▶ EXERCISE DESCRIPTION
An exact reproduction of the data below is expected, free of images.

Spatial localization data
......

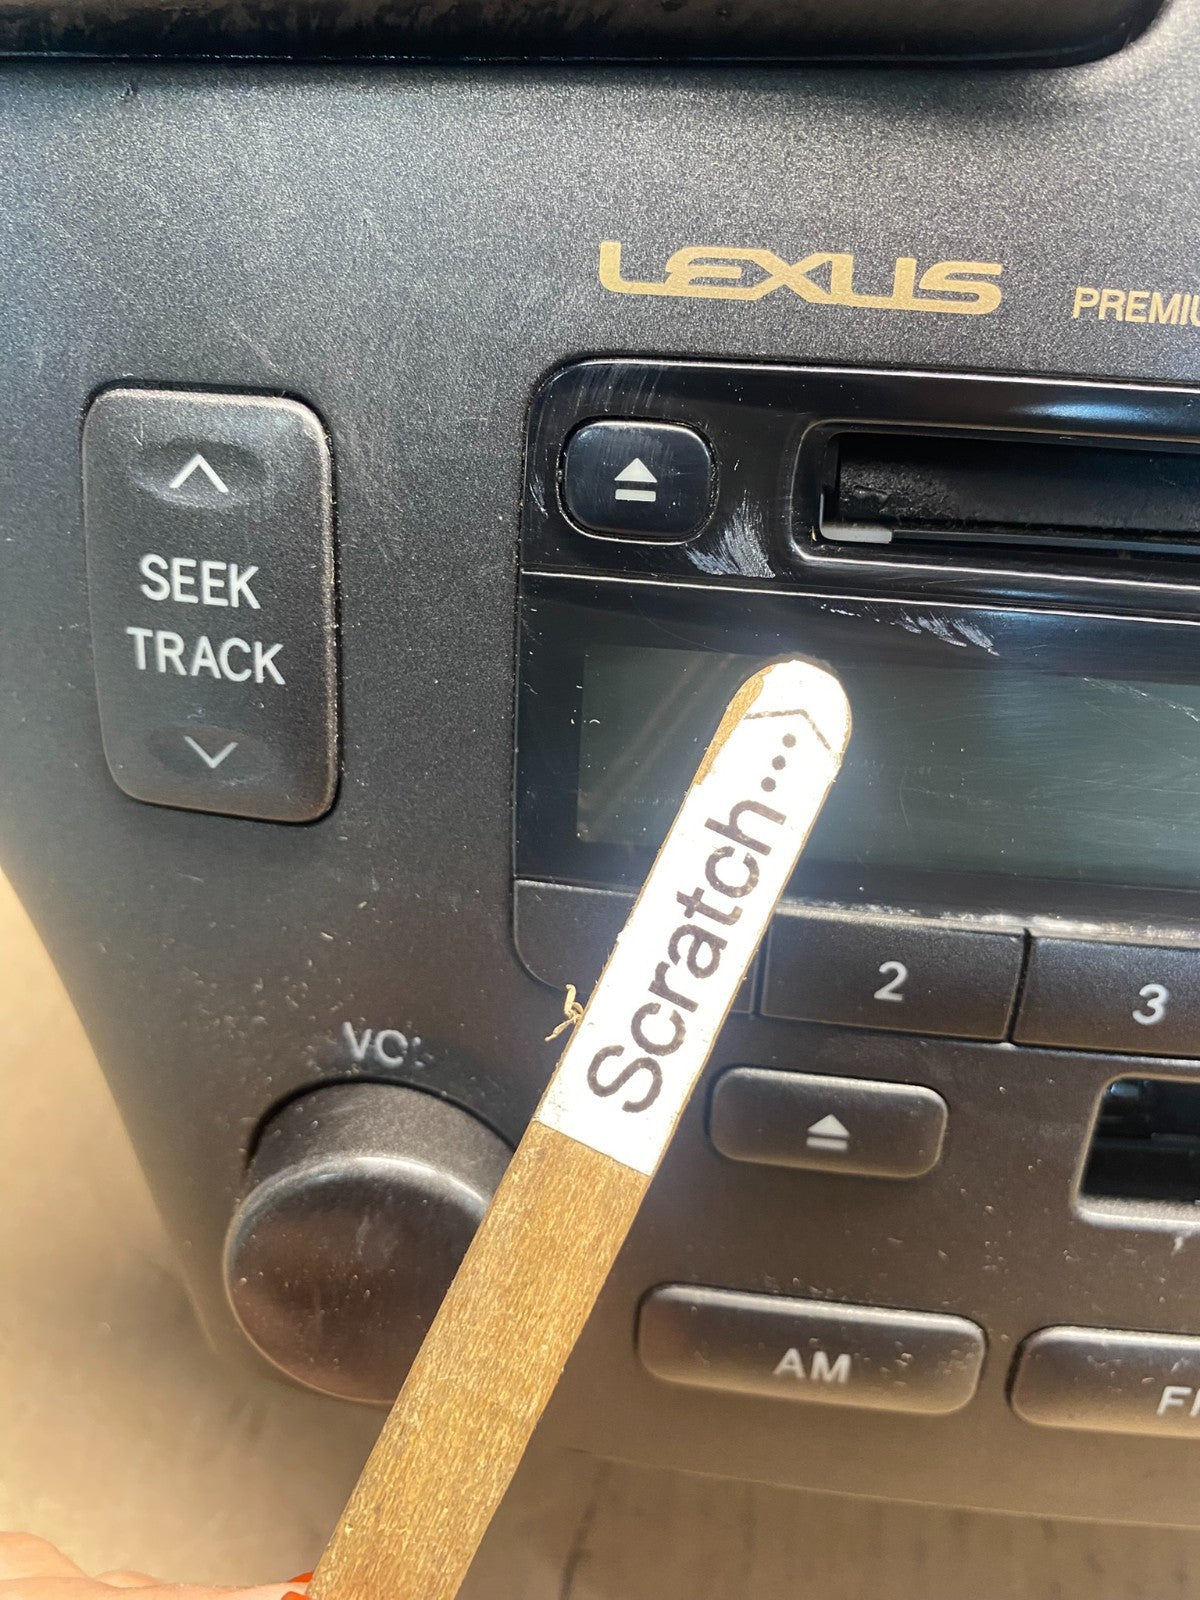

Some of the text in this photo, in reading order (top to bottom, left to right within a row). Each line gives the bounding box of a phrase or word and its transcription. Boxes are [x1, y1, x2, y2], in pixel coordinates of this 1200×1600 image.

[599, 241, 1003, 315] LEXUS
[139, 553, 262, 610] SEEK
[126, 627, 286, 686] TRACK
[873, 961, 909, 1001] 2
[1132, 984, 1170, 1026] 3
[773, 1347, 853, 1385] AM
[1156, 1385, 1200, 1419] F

......

▶ RESPONSE AREA
Some of the text in this photo, in reading order (top to bottom, left to right within a row). Each line gives the bounding box of a phrase or word and its transcription. Boxes are [x1, y1, x2, y2], in pixel coordinates of this 1200×1600 image.

[599, 241, 1003, 315] LEXUS
[139, 553, 262, 610] SEEK
[126, 627, 286, 686] TRACK
[873, 961, 909, 1001] 2
[1132, 984, 1170, 1026] 3
[773, 1347, 853, 1385] AM
[1156, 1385, 1200, 1419] F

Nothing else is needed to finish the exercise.